わすれたり思い出したりわすれられなかったり

23時すぎにマンションのエントランスからきこえる父の咳払いで毎晩目を覚ましていた。父はお酒を飲んで帰宅すると、いつもマンションの敷地に入ると大きな声をあげた。ばかやろう、このやろう、あのやろう、となんの意味も持たない言葉を怒鳴りながら自宅へ続く階段をあがってきた。こわいのとはずかしいのとで、夜がだいきらいだった。

そのせいか、わたしはお酒を飲んで怒るひとがとても苦手だ。そして、今でもねむるのがヘタだ。夜と怒鳴り声をセットでからだがおぼえているのかもしれない。(ただの体質かもしれない)

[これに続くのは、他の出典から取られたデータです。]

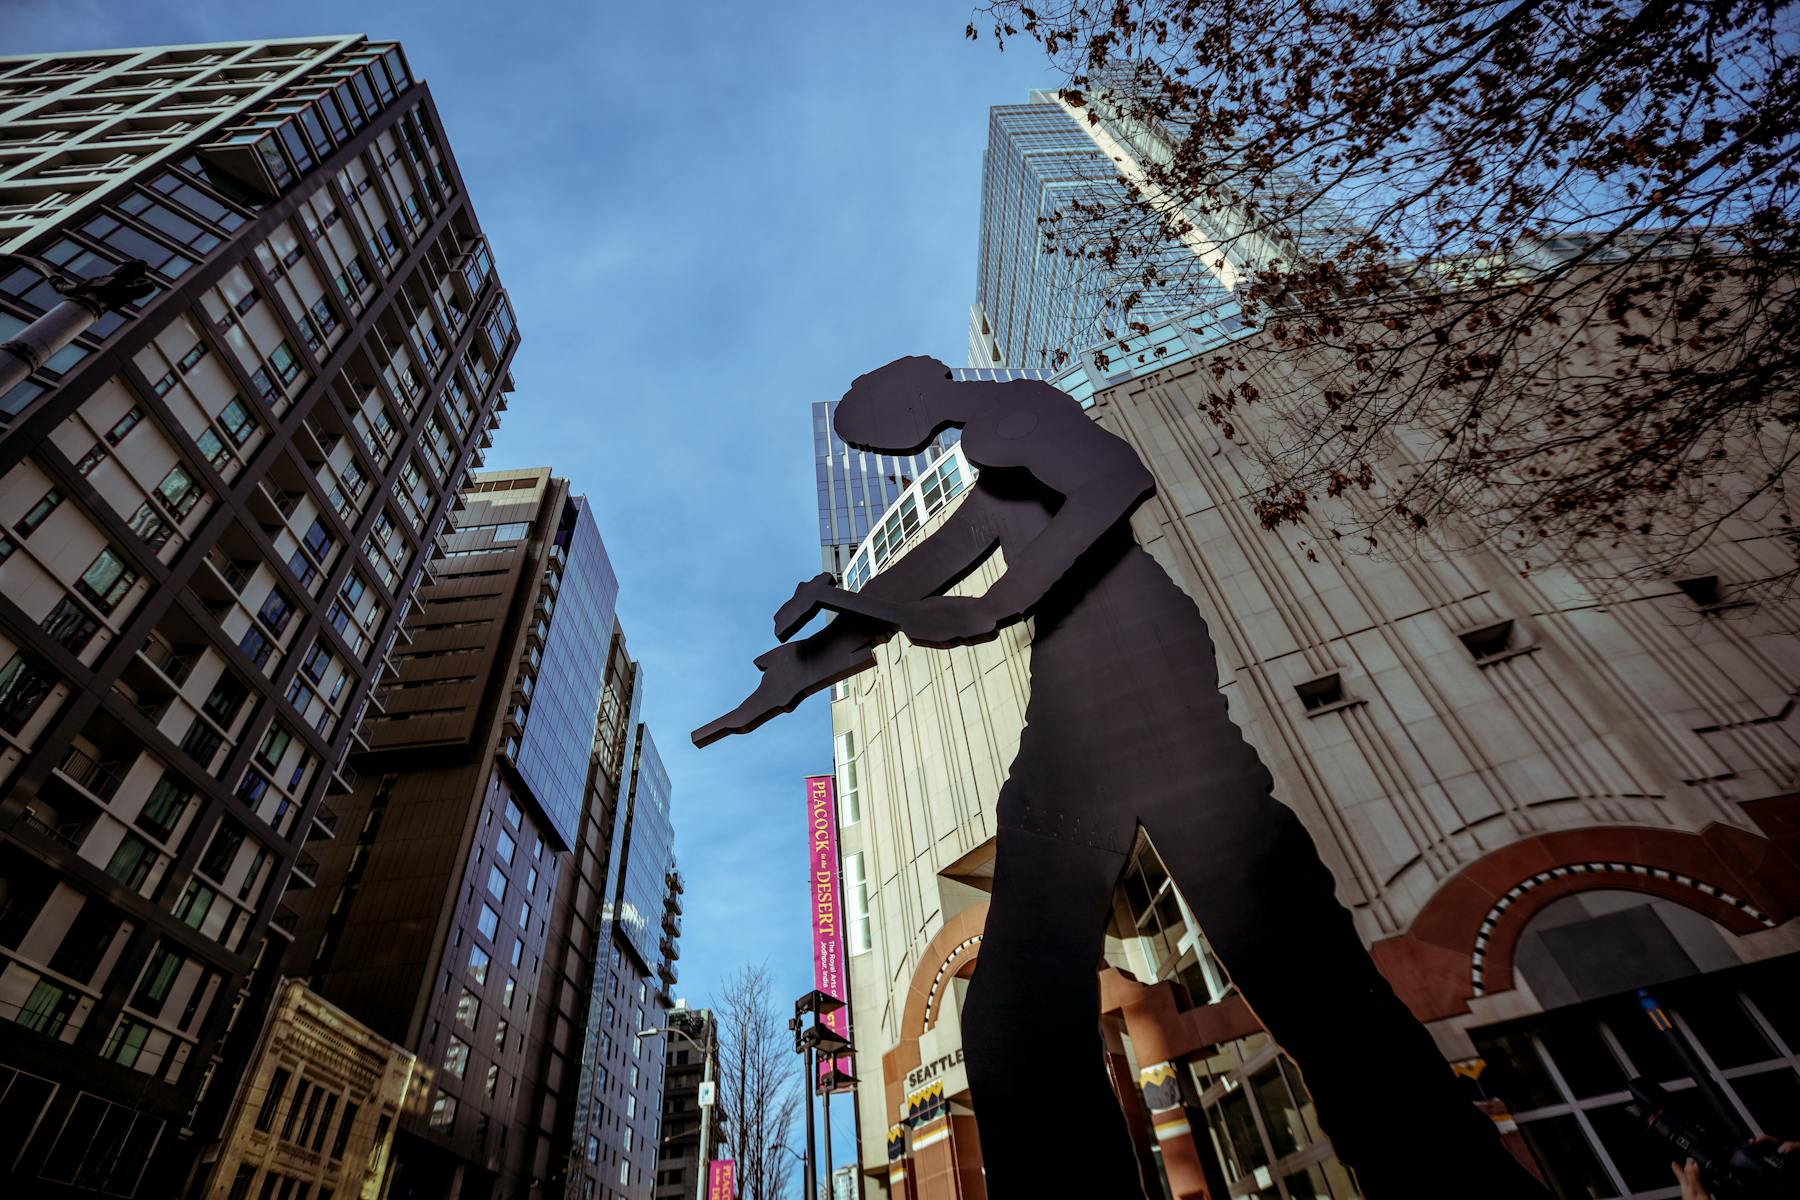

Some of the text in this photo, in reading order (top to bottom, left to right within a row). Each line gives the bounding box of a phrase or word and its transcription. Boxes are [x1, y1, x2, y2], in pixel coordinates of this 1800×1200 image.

[813, 781, 829, 852] PEACOCK
[817, 871, 834, 936] DESERT
[831, 989, 838, 998] of
[909, 1049, 964, 1088] SEATTLE

あーちんは保育園のお昼寝が苦手だった。卒園するときに「あーちんはお昼寝ができないから、みんなを起こさないようにいつもはじっこに布団をしいて、目をつぶってもねむれないから、いつもピアノの脚のホコリをずーっと見てたの。先生がもう起きていいよって言うまで」と話していた。だけど、今、あーちんはたくさんねむる。ほっておくと13時間でも14時間でもねむる。お昼寝ができなかったことは、あまりおぼえていないそうだ。


おぼえていたいことも、わすれたいことも、自分では決められないのだな。

「この景色をぜったいにわすれたくない」と目に焼き付けたはずの、二子玉川の河川敷でとつぜん目の前にあがったテスト試行の打ち上げ花火も、種子島のキャンプ場で夜中にみた流星群や天の川も、印象や経験としてはおぼえているものの、脳内で正確な再生はできない。

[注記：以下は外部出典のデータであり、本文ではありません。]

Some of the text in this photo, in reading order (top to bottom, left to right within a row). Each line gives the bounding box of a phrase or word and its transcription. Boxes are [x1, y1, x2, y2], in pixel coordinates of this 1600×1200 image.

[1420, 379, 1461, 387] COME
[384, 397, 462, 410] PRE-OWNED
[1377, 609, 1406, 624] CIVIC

なぜかおぼえているのは、こどものころかいだ掃除機のうしろからでるぬるい空気のにおいとか、クラスメイトの書く「は」の字をマネしようと練習したこととか、ちいさいあーちんがキムラヤのパンのトラックを見るといいことがあると信じていて、見つけたときの「パントラ!」と言っておしえてくれるうれしそうな顔とか、そういう些細なことばかりだ。

意を決してわすれようとかおぼえていようとしないで、おおげさに思い出して記録しようとしないで、些細なことをちいさいまま書きのこすこともしてみようかなと思う。